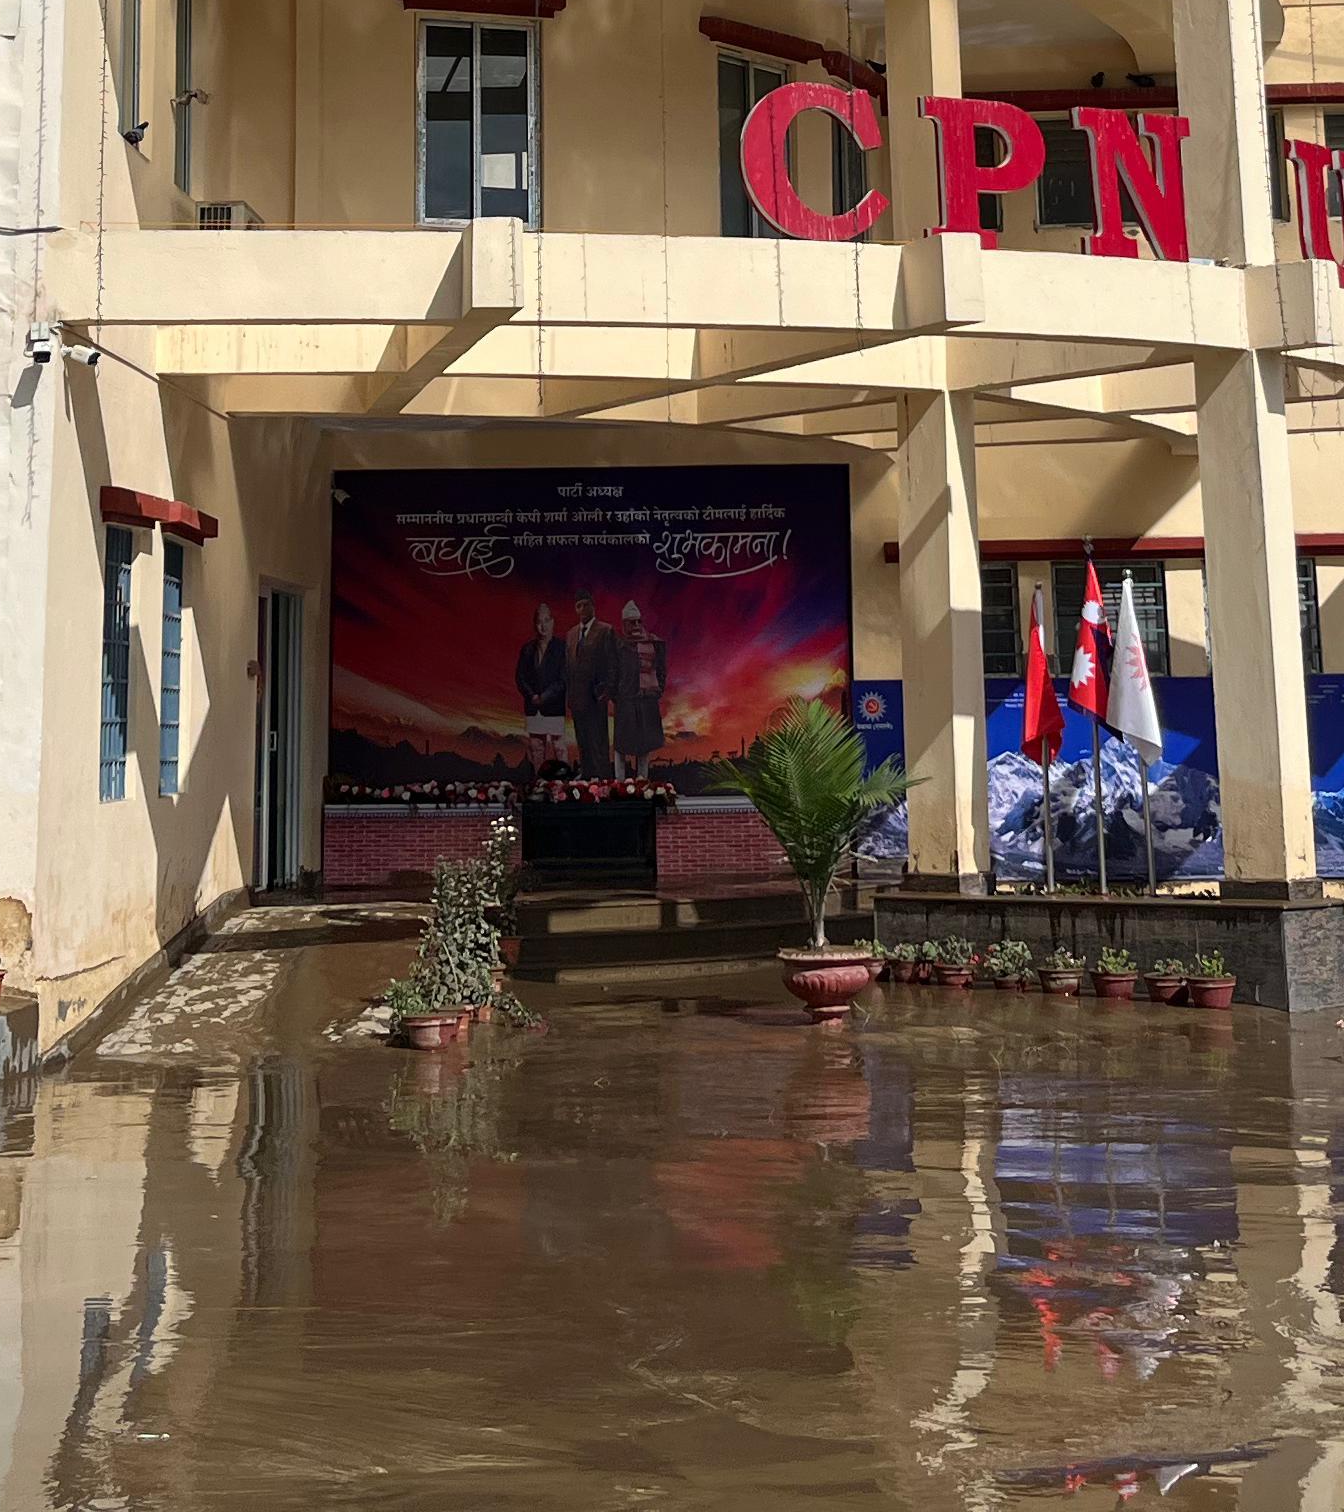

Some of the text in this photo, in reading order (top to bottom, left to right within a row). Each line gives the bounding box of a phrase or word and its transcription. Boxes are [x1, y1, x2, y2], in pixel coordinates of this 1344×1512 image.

[740, 81, 1190, 262] CPN
[557, 482, 624, 498] पार्टी अध्यक्ष
[396, 510, 453, 525] सम्माननीय
[456, 509, 513, 524] प्रधानमन्त्री
[516, 508, 541, 523] केपी
[543, 507, 568, 523] शर्मा
[571, 507, 604, 522] ओली
[749, 503, 785, 520] हार्दिक
[512, 531, 544, 548] सहित
[546, 535, 580, 546] सफल
[581, 529, 651, 546] कार्यकालको
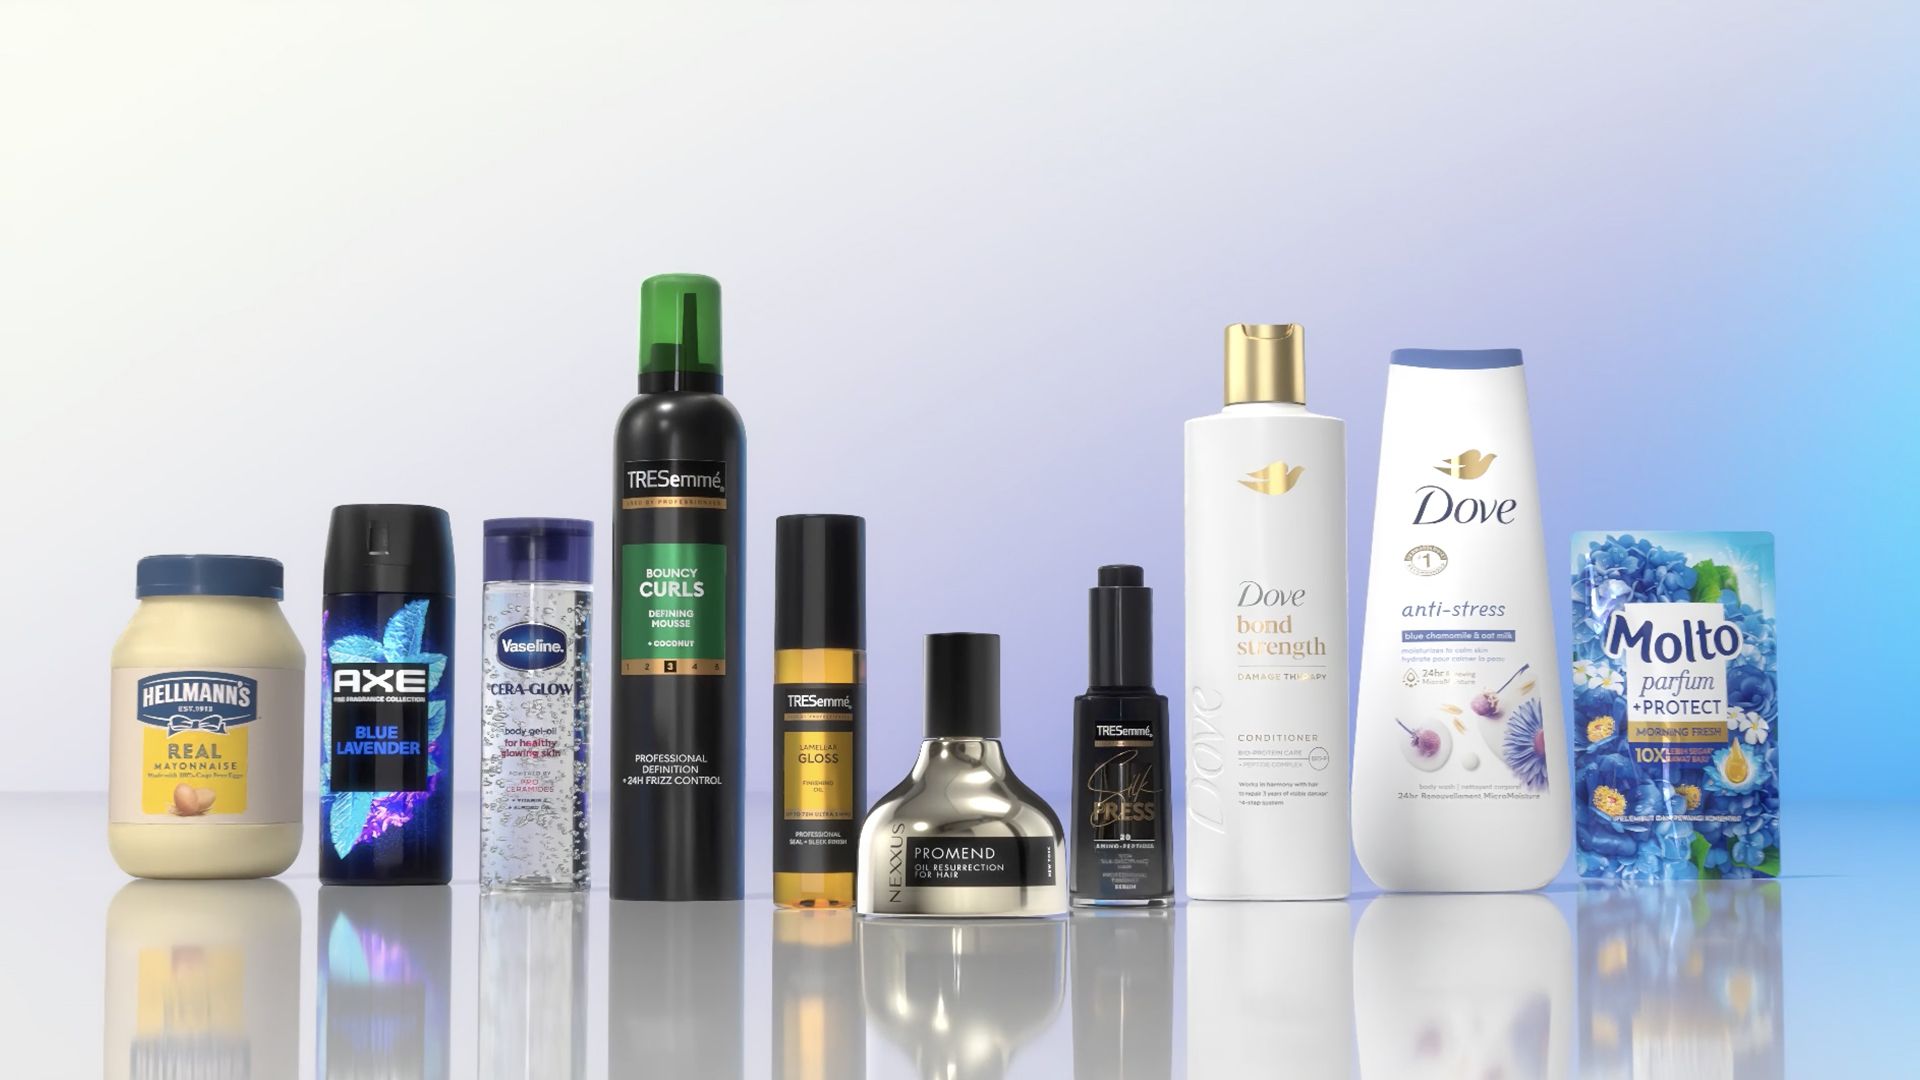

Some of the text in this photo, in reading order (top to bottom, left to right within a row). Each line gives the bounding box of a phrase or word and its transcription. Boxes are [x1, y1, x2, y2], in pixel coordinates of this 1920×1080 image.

[627, 470, 721, 488] TRESemmé
[1412, 485, 1517, 525] Dove
[646, 568, 698, 578] BOUNCY
[640, 581, 704, 598] CURLS
[1237, 580, 1306, 607] Dove
[648, 610, 694, 618] DEFINING
[1402, 600, 1506, 618] anti-stress
[652, 620, 690, 628] MOUSSE
[1236, 614, 1292, 634] bond
[1404, 632, 1424, 640] blue
[1426, 632, 1472, 640] chamomile
[1482, 632, 1494, 640] oat
[1609, 614, 1739, 664] Molto
[1237, 636, 1327, 660] strength
[666, 662, 674, 670] 3
[334, 670, 426, 692] AXE
[1639, 670, 1715, 697] parfum
[142, 681, 250, 708] HELLMANN'S
[490, 683, 573, 695] CERA-GLOW
[788, 694, 850, 708] TRESemmé
[1633, 700, 1721, 715] +PROTECT
[355, 726, 398, 739] BLUE
[504, 728, 526, 736] body
[1096, 726, 1150, 736] TRESemmé
[1636, 728, 1722, 736] MORNING FRESH
[520, 739, 558, 748] healthy
[1238, 734, 1318, 742] CONDITIONER
[168, 744, 222, 759] REAL
[336, 742, 420, 754] LAVENDER
[500, 750, 540, 758] glowing
[635, 754, 708, 763] PROFESSIONAL
[798, 754, 839, 764] GLOSS
[1635, 748, 1666, 763] 10X
[154, 762, 238, 770] MAYONNAISE
[642, 765, 699, 774] DEFINITION
[646, 776, 672, 785] FRIZZ
[674, 776, 722, 785] CONTROL
[1094, 802, 1154, 821] PRESS
[915, 847, 996, 860] PROMEND
[889, 823, 906, 903] NEXXUS
[914, 864, 1004, 872] OIL RESURRECTION
[914, 870, 958, 878] FOR HAIR

============================================================

__WORK TASK__
Keep only the lines from the one containing "this 1920×1080 image." through the final line of the records, and transcribe them exactly.

__OUTPUT BELOW__
Some of the text in this photo, in reading order (top to bottom, left to right within a row). Each line gives the bounding box of a phrase or word and its transcription. Boxes are [x1, y1, x2, y2], in pixel coordinates of this 1920×1080 image.

[627, 470, 721, 488] TRESemmé
[1412, 485, 1517, 525] Dove
[646, 568, 698, 578] BOUNCY
[640, 581, 704, 598] CURLS
[1237, 580, 1306, 607] Dove
[648, 610, 694, 618] DEFINING
[1402, 600, 1506, 618] anti-stress
[652, 620, 690, 628] MOUSSE
[1236, 614, 1292, 634] bond
[1404, 632, 1424, 640] blue
[1426, 632, 1472, 640] chamomile
[1482, 632, 1494, 640] oat
[1609, 614, 1739, 664] Molto
[1237, 636, 1327, 660] strength
[666, 662, 674, 670] 3
[334, 670, 426, 692] AXE
[1639, 670, 1715, 697] parfum
[142, 681, 250, 708] HELLMANN'S
[490, 683, 573, 695] CERA-GLOW
[788, 694, 850, 708] TRESemmé
[1633, 700, 1721, 715] +PROTECT
[355, 726, 398, 739] BLUE
[504, 728, 526, 736] body
[1096, 726, 1150, 736] TRESemmé
[1636, 728, 1722, 736] MORNING FRESH
[520, 739, 558, 748] healthy
[1238, 734, 1318, 742] CONDITIONER
[168, 744, 222, 759] REAL
[336, 742, 420, 754] LAVENDER
[500, 750, 540, 758] glowing
[635, 754, 708, 763] PROFESSIONAL
[798, 754, 839, 764] GLOSS
[1635, 748, 1666, 763] 10X
[154, 762, 238, 770] MAYONNAISE
[642, 765, 699, 774] DEFINITION
[646, 776, 672, 785] FRIZZ
[674, 776, 722, 785] CONTROL
[1094, 802, 1154, 821] PRESS
[915, 847, 996, 860] PROMEND
[889, 823, 906, 903] NEXXUS
[914, 864, 1004, 872] OIL RESURRECTION
[914, 870, 958, 878] FOR HAIR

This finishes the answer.